Recorded data »
========================

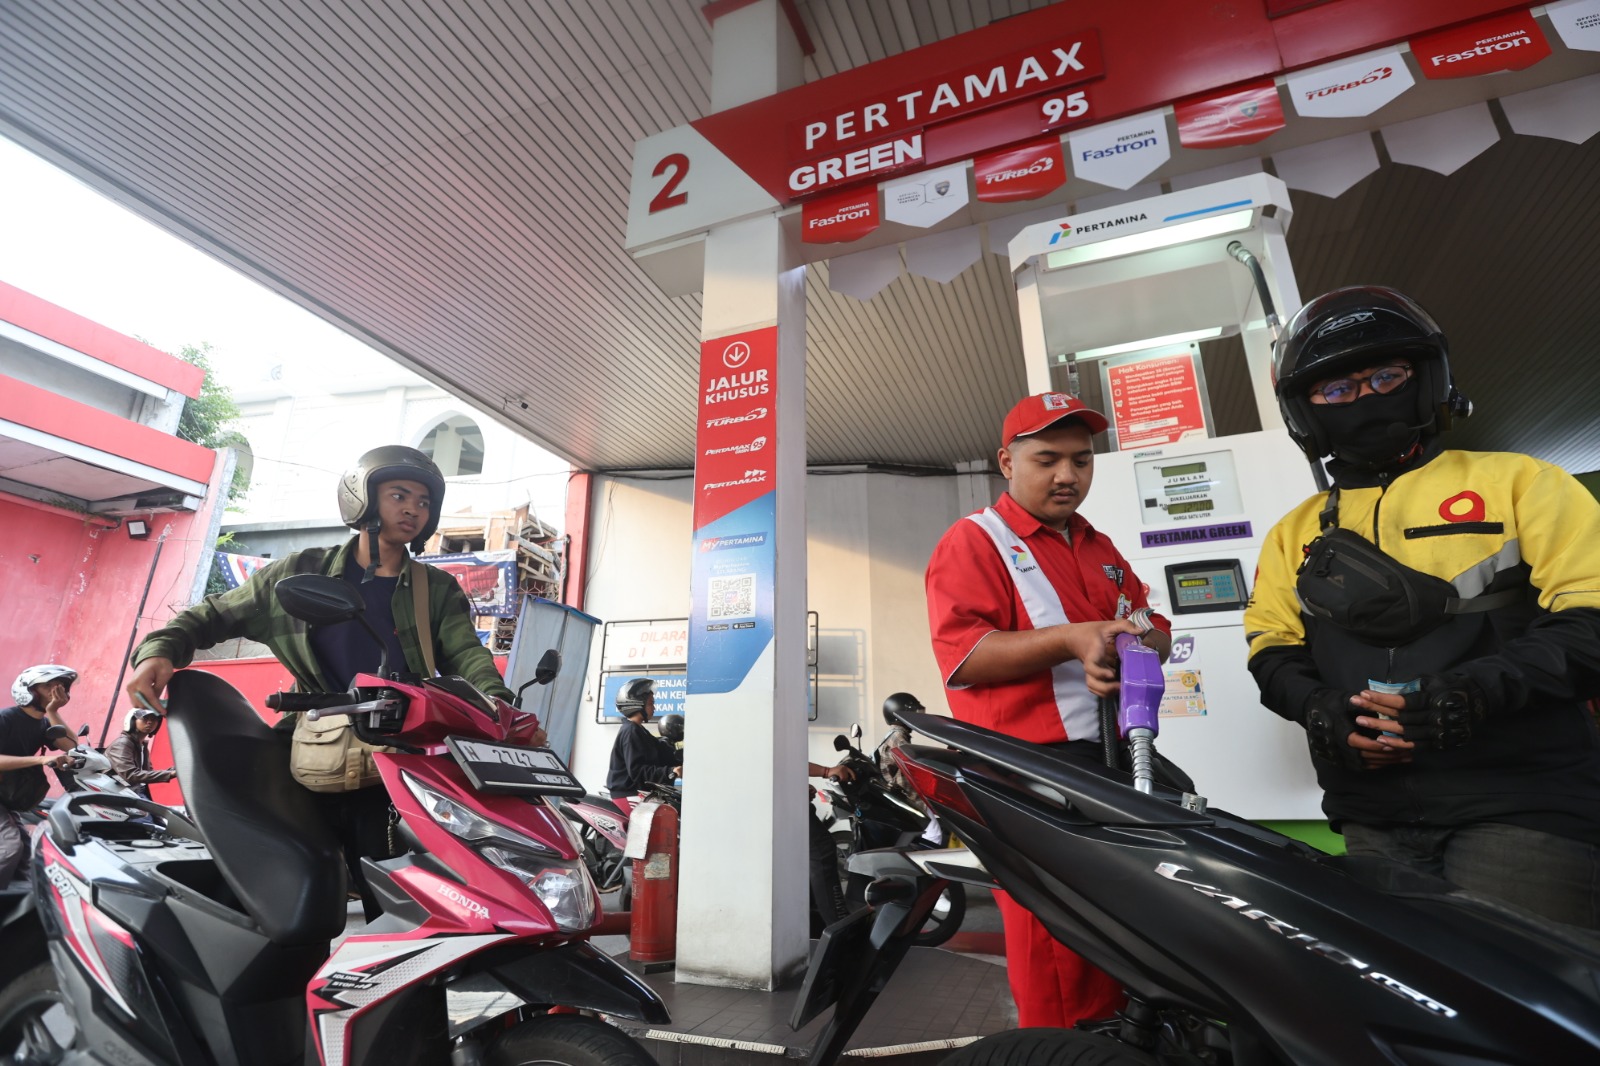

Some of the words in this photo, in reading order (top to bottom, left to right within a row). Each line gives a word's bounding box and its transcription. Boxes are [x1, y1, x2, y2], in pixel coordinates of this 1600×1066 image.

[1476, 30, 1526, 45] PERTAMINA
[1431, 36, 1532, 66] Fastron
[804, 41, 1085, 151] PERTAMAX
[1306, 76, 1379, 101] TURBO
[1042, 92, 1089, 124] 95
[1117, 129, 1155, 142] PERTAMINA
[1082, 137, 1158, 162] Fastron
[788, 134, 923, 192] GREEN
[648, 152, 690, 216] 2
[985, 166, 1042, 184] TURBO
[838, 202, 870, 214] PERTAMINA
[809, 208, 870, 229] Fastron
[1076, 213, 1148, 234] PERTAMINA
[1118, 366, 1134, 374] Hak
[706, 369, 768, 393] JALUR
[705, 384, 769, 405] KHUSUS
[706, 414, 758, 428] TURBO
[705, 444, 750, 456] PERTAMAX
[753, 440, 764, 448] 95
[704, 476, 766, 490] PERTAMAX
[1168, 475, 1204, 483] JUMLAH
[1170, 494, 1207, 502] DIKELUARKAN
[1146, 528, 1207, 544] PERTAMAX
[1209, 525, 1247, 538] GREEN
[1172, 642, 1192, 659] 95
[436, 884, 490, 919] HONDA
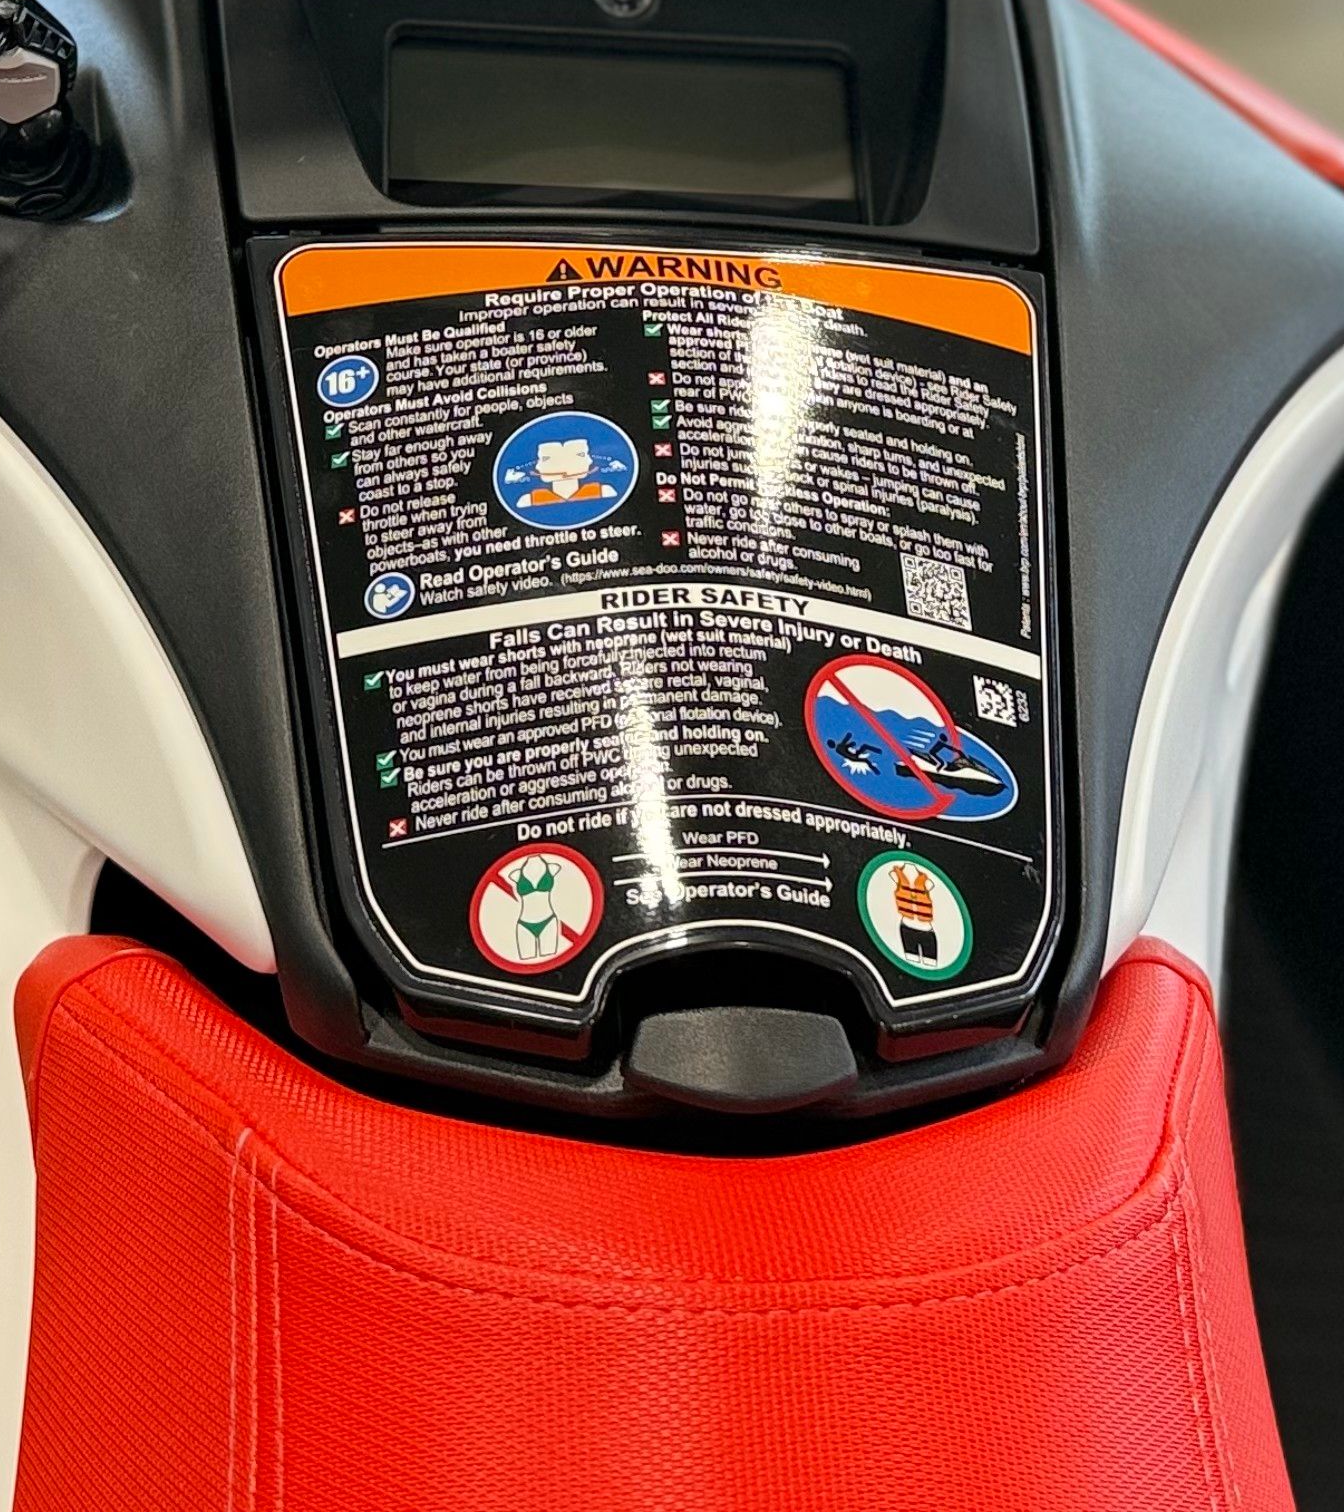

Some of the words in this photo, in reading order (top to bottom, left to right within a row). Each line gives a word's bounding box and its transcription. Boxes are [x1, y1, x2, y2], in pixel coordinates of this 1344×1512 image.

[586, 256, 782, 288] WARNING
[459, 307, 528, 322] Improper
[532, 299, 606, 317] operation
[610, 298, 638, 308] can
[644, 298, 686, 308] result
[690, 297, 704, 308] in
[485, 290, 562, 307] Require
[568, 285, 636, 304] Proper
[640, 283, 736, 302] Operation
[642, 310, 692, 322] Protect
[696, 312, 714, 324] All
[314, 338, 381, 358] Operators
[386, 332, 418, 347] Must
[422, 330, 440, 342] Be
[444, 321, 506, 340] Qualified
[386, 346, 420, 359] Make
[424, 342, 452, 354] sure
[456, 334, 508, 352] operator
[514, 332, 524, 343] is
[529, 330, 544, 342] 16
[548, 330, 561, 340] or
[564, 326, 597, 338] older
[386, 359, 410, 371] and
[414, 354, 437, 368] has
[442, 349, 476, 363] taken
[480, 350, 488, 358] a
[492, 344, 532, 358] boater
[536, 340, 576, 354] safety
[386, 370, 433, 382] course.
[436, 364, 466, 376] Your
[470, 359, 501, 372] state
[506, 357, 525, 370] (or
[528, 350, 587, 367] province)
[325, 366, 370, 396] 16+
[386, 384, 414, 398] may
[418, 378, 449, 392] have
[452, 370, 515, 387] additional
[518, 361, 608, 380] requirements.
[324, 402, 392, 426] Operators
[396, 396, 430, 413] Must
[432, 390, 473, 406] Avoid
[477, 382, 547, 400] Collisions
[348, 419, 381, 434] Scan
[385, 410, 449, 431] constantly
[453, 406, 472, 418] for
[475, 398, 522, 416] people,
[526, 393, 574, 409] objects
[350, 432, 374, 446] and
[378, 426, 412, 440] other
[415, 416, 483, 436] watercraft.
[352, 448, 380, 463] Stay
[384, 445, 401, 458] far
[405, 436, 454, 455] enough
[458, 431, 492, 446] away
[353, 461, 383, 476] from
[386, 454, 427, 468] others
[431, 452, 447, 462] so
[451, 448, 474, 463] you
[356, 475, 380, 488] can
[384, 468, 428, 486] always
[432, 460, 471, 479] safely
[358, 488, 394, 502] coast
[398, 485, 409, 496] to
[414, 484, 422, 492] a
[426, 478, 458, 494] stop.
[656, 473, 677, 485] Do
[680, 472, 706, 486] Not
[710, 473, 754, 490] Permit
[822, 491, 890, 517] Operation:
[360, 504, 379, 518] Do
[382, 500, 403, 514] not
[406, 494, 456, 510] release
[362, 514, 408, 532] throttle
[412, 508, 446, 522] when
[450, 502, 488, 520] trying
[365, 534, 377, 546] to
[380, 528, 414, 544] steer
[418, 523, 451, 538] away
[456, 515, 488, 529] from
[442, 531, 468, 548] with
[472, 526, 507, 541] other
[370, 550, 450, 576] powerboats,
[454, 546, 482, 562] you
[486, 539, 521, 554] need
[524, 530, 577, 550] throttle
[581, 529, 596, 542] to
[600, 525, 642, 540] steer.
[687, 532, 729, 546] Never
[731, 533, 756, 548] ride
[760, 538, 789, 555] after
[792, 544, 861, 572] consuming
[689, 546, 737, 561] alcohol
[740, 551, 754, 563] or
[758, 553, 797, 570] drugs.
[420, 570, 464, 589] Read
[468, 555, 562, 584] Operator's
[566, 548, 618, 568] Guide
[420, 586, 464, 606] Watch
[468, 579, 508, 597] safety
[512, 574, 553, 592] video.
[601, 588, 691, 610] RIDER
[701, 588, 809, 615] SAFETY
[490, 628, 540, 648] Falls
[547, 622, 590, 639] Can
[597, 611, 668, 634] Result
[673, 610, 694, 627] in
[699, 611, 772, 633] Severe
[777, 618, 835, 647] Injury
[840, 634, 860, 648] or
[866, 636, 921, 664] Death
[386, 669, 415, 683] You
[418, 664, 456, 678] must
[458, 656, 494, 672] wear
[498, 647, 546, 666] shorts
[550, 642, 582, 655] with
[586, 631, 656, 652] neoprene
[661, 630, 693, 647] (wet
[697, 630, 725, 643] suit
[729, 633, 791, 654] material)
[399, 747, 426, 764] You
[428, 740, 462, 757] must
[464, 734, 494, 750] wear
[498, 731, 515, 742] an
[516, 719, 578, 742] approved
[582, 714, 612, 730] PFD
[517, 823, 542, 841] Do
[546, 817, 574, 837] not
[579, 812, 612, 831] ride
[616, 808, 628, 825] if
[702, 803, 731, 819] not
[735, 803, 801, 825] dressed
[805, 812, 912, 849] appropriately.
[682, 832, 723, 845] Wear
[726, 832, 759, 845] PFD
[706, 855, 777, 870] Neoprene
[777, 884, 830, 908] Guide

========================

Exercise prompt »
Do not include images; quote all of the entries above exactly.

Answer area »
Some of the words in this photo, in reading order (top to bottom, left to right within a row). Each line gives a word's bounding box and its transcription. Boxes are [x1, y1, x2, y2], in pixel coordinates of this 1600×1066 image.

[1476, 30, 1526, 45] PERTAMINA
[1431, 36, 1532, 66] Fastron
[804, 41, 1085, 151] PERTAMAX
[1306, 76, 1379, 101] TURBO
[1042, 92, 1089, 124] 95
[1117, 129, 1155, 142] PERTAMINA
[1082, 137, 1158, 162] Fastron
[788, 134, 923, 192] GREEN
[648, 152, 690, 216] 2
[985, 166, 1042, 184] TURBO
[838, 202, 870, 214] PERTAMINA
[809, 208, 870, 229] Fastron
[1076, 213, 1148, 234] PERTAMINA
[1118, 366, 1134, 374] Hak
[706, 369, 768, 393] JALUR
[705, 384, 769, 405] KHUSUS
[706, 414, 758, 428] TURBO
[705, 444, 750, 456] PERTAMAX
[753, 440, 764, 448] 95
[704, 476, 766, 490] PERTAMAX
[1168, 475, 1204, 483] JUMLAH
[1170, 494, 1207, 502] DIKELUARKAN
[1146, 528, 1207, 544] PERTAMAX
[1209, 525, 1247, 538] GREEN
[1172, 642, 1192, 659] 95
[436, 884, 490, 919] HONDA

Some of the words in this photo, in reading order (top to bottom, left to right within a row). Each line gives a word's bounding box and its transcription. Boxes are [x1, y1, x2, y2], in pixel coordinates of this 1344×1512 image.

[586, 256, 782, 288] WARNING
[459, 307, 528, 322] Improper
[532, 299, 606, 317] operation
[610, 298, 638, 308] can
[644, 298, 686, 308] result
[690, 297, 704, 308] in
[485, 290, 562, 307] Require
[568, 285, 636, 304] Proper
[640, 283, 736, 302] Operation
[642, 310, 692, 322] Protect
[696, 312, 714, 324] All
[314, 338, 381, 358] Operators
[386, 332, 418, 347] Must
[422, 330, 440, 342] Be
[444, 321, 506, 340] Qualified
[386, 346, 420, 359] Make
[424, 342, 452, 354] sure
[456, 334, 508, 352] operator
[514, 332, 524, 343] is
[529, 330, 544, 342] 16
[548, 330, 561, 340] or
[564, 326, 597, 338] older
[386, 359, 410, 371] and
[414, 354, 437, 368] has
[442, 349, 476, 363] taken
[480, 350, 488, 358] a
[492, 344, 532, 358] boater
[536, 340, 576, 354] safety
[386, 370, 433, 382] course.
[436, 364, 466, 376] Your
[470, 359, 501, 372] state
[506, 357, 525, 370] (or
[528, 350, 587, 367] province)
[325, 366, 370, 396] 16+
[386, 384, 414, 398] may
[418, 378, 449, 392] have
[452, 370, 515, 387] additional
[518, 361, 608, 380] requirements.
[324, 402, 392, 426] Operators
[396, 396, 430, 413] Must
[432, 390, 473, 406] Avoid
[477, 382, 547, 400] Collisions
[348, 419, 381, 434] Scan
[385, 410, 449, 431] constantly
[453, 406, 472, 418] for
[475, 398, 522, 416] people,
[526, 393, 574, 409] objects
[350, 432, 374, 446] and
[378, 426, 412, 440] other
[415, 416, 483, 436] watercraft.
[352, 448, 380, 463] Stay
[384, 445, 401, 458] far
[405, 436, 454, 455] enough
[458, 431, 492, 446] away
[353, 461, 383, 476] from
[386, 454, 427, 468] others
[431, 452, 447, 462] so
[451, 448, 474, 463] you
[356, 475, 380, 488] can
[384, 468, 428, 486] always
[432, 460, 471, 479] safely
[358, 488, 394, 502] coast
[398, 485, 409, 496] to
[414, 484, 422, 492] a
[426, 478, 458, 494] stop.
[656, 473, 677, 485] Do
[680, 472, 706, 486] Not
[710, 473, 754, 490] Permit
[822, 491, 890, 517] Operation:
[360, 504, 379, 518] Do
[382, 500, 403, 514] not
[406, 494, 456, 510] release
[362, 514, 408, 532] throttle
[412, 508, 446, 522] when
[450, 502, 488, 520] trying
[365, 534, 377, 546] to
[380, 528, 414, 544] steer
[418, 523, 451, 538] away
[456, 515, 488, 529] from
[442, 531, 468, 548] with
[472, 526, 507, 541] other
[370, 550, 450, 576] powerboats,
[454, 546, 482, 562] you
[486, 539, 521, 554] need
[524, 530, 577, 550] throttle
[581, 529, 596, 542] to
[600, 525, 642, 540] steer.
[687, 532, 729, 546] Never
[731, 533, 756, 548] ride
[760, 538, 789, 555] after
[792, 544, 861, 572] consuming
[689, 546, 737, 561] alcohol
[740, 551, 754, 563] or
[758, 553, 797, 570] drugs.
[420, 570, 464, 589] Read
[468, 555, 562, 584] Operator's
[566, 548, 618, 568] Guide
[420, 586, 464, 606] Watch
[468, 579, 508, 597] safety
[512, 574, 553, 592] video.
[601, 588, 691, 610] RIDER
[701, 588, 809, 615] SAFETY
[490, 628, 540, 648] Falls
[547, 622, 590, 639] Can
[597, 611, 668, 634] Result
[673, 610, 694, 627] in
[699, 611, 772, 633] Severe
[777, 618, 835, 647] Injury
[840, 634, 860, 648] or
[866, 636, 921, 664] Death
[386, 669, 415, 683] You
[418, 664, 456, 678] must
[458, 656, 494, 672] wear
[498, 647, 546, 666] shorts
[550, 642, 582, 655] with
[586, 631, 656, 652] neoprene
[661, 630, 693, 647] (wet
[697, 630, 725, 643] suit
[729, 633, 791, 654] material)
[399, 747, 426, 764] You
[428, 740, 462, 757] must
[464, 734, 494, 750] wear
[498, 731, 515, 742] an
[516, 719, 578, 742] approved
[582, 714, 612, 730] PFD
[517, 823, 542, 841] Do
[546, 817, 574, 837] not
[579, 812, 612, 831] ride
[616, 808, 628, 825] if
[702, 803, 731, 819] not
[735, 803, 801, 825] dressed
[805, 812, 912, 849] appropriately.
[682, 832, 723, 845] Wear
[726, 832, 759, 845] PFD
[706, 855, 777, 870] Neoprene
[777, 884, 830, 908] Guide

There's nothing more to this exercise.